Ideal for friends and family
Go & Grow is one of the best investment options you can recommend to friends and family because everyone will find it easy to use. From a distant aunt that never invested before to your investment-savvy stock-trader friend, Go & Grow can work for anyone. Besides, when you invite a new investor, you can get a referral bonus based on the amount they invest. If you’re not using it already, you’re missing out. Check out the details here.
Top 5 reasons why people love Go & Grow:
- Up to 6.75%* p.a. net return
- Incredibly easy to use – great for beginners!
- Start with as little as €1 (Yes, you read that right.)
- Zero annual management fees
- Create a goal and receive updates on your progress
Is the rate of up to 6.75%* p.a. guaranteed?
The rate is not guaranteed; however, the average net return on the Bondora platform is much higher than this. With this and our outstanding 12-year track record, we believe the rate of up to 6.75%* p.a. is achievable.

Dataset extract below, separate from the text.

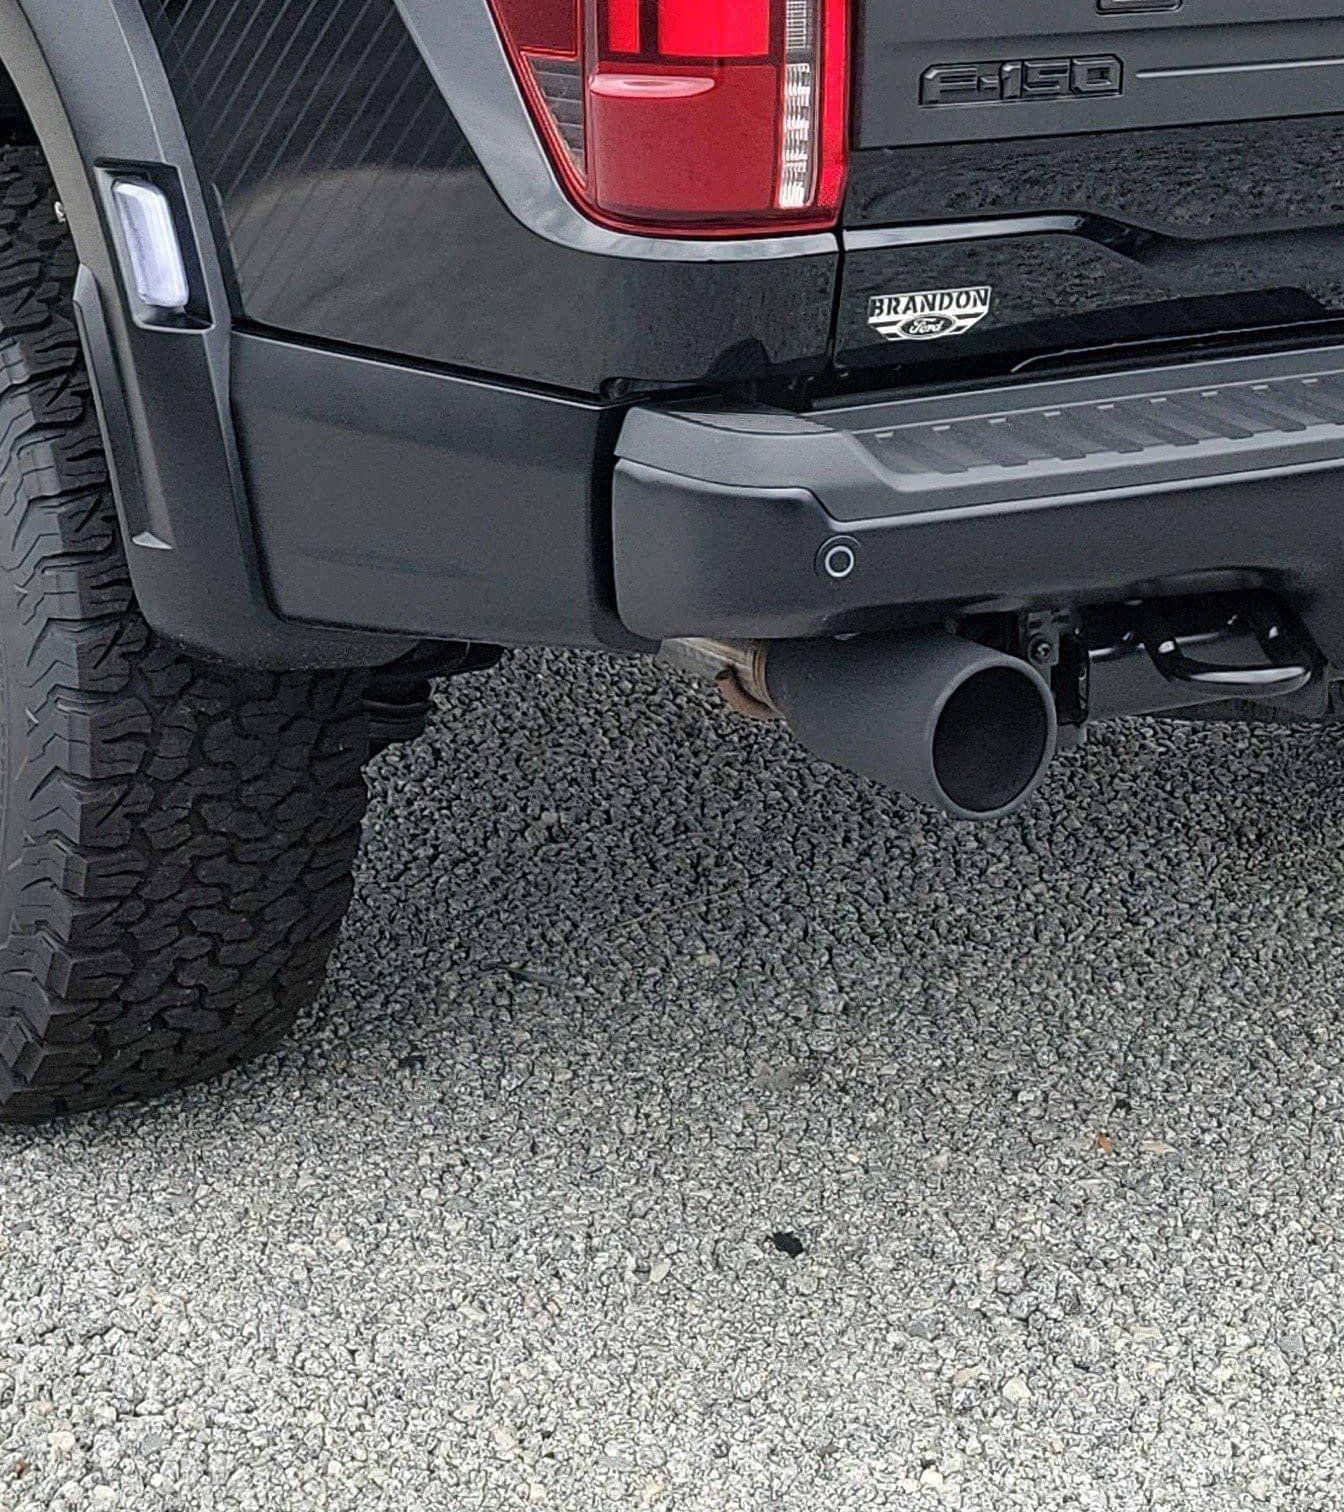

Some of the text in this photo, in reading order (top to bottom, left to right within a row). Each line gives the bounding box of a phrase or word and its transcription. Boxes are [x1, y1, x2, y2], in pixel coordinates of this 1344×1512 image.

[919, 54, 1123, 105] F-150
[869, 288, 989, 317] BRANDON
[909, 318, 944, 334] Ford
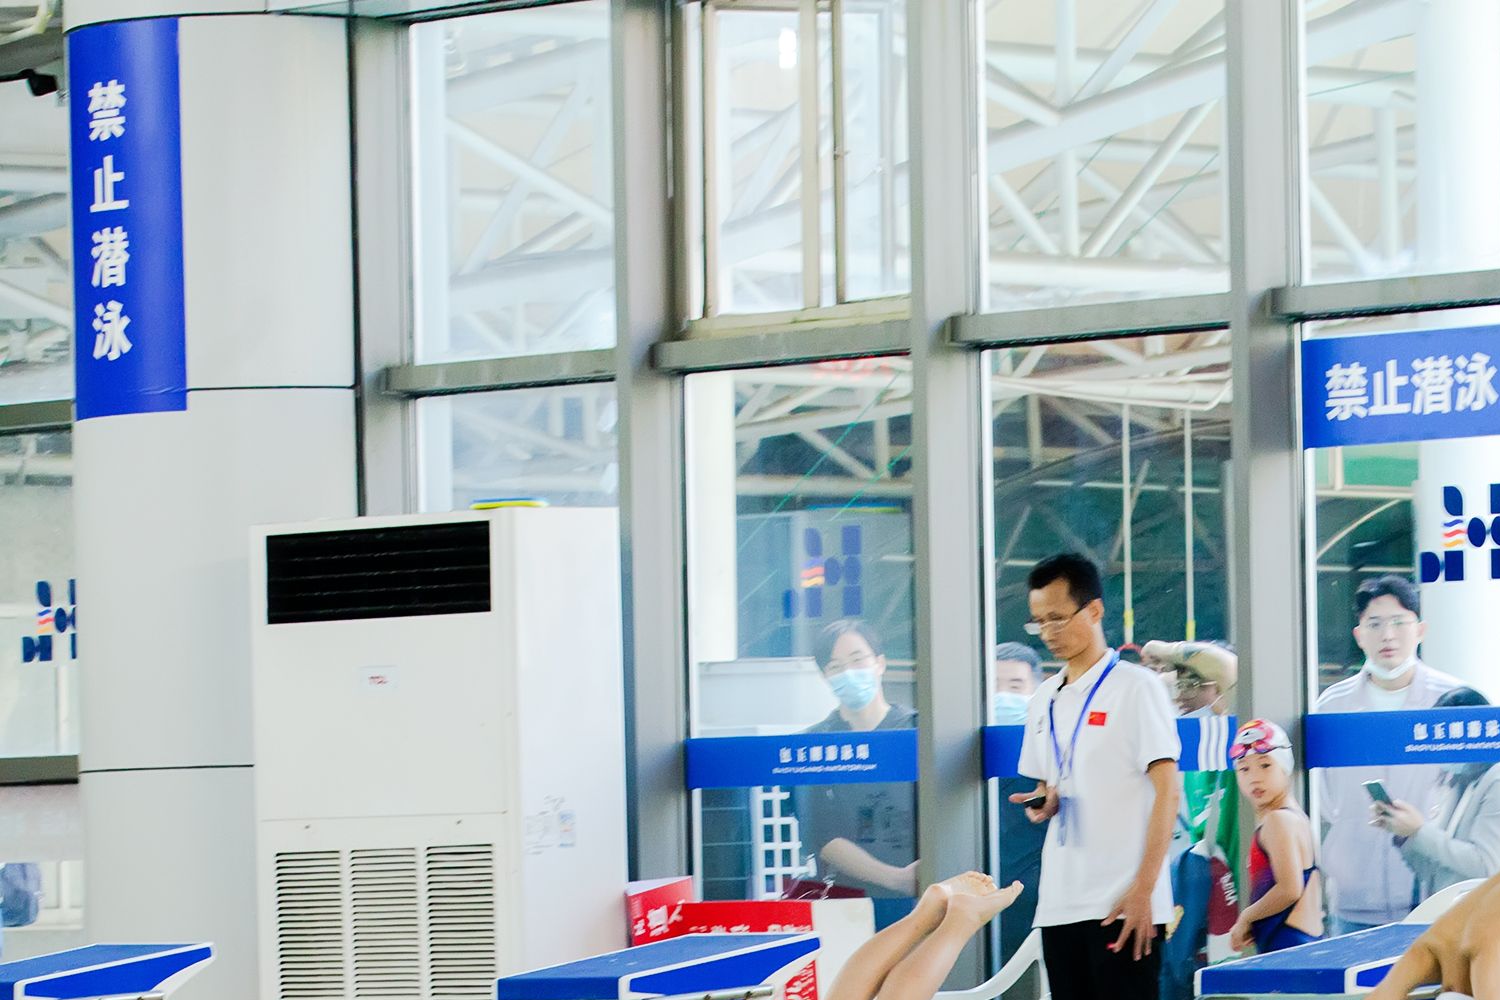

The net return is capped at 6.75%* p.a. All excess returns over this percentage are reinvested to ensure you can earn the rate of 6.75%* p.a., despite there being no guarantee in place.
OK, what’s the catch?
There’s none. Really. We charge a flat €1 withdrawal fee, no matter the size of the account, and that’s it. This helps us continue to operate the Bondora platform while you can continue to grow your wealth.
Let’s talk about risks
While it’s great to be able to say we’ve delivered on our promises to investors so far, we need to make sure you’re aware of the risks:
Risk 1: The net return falls below 6.75%* p.a.
As we just mentioned, although returns are not guaranteed, a headline benefit of Go & Grow is the high-yielding return of up to 6.75%* p.a. Compared to the net return rates achieved since Bondora was established, the rate of 6.75%* p. a. provides a substantial buffer. Today, the Go & Grow portfolio mirrors the overall composition of the loans – in other words, loans across different risk ratings and countries. These loans have been originated using our latest generation of credit analytics, a proprietary model developed for over a decade.
Therefore, the actual Internal Rate of Return (IRR) of the Go & Grow portfolio significantly outperforms the headline rate of 6.75%* p.a. – the returns generated over this amount are held as reserves and reinvested to minimize risks further. Bondora has no claim on these reserves. Overall, this gives us statistical confidence that the rate of 6.75%* p.a. is deliverable for the foreseeable future. Please note: The yield achieved in past periods does not guarantee the return rate in future periods.
However, a risk that may affect our ability to deliver on the rate of 6.75%* p. a. is the number of investments we receive from investors. For example, suppose more money is added to Go & Grow accounts by investors than we can originate in loans. In that case, this results in a percentage of the portfolio remaining in cash (meaning those investments won’t be earning returns). In this scenario, we may decide to add a limit to the amount new investors can invest. In an extreme case, we could stop accepting new investors altogether and form a waiting list.
Risk 2: Liquidity
The plan for Go & Grow was always to have a product with fast liquidity for investors. To create it, we analyzed close to a decade of cash flow data on Bondora investor transactions to determine the inflows, outflows, and how the portfolio cash flows moved overall. This is so investors can withdraw money from their Go & Grow account at short notice.
We also analyzed cash flow data from several banks and investment funds – specifically, their redemption and withdrawal cash flows during the global financial crisis of 2007-08. This, combined with our own data, has given us the necessary information to mitigate the liquidity risk as much as possible.
- The investor will receive their full withdrawal once there’s enough money available in the Go & Grow portfolio, generated via further returns or investments.
- Once there’s enough balance available, the investor will receive partial payouts – paid out each banking day until the full withdrawal has been fulfilled.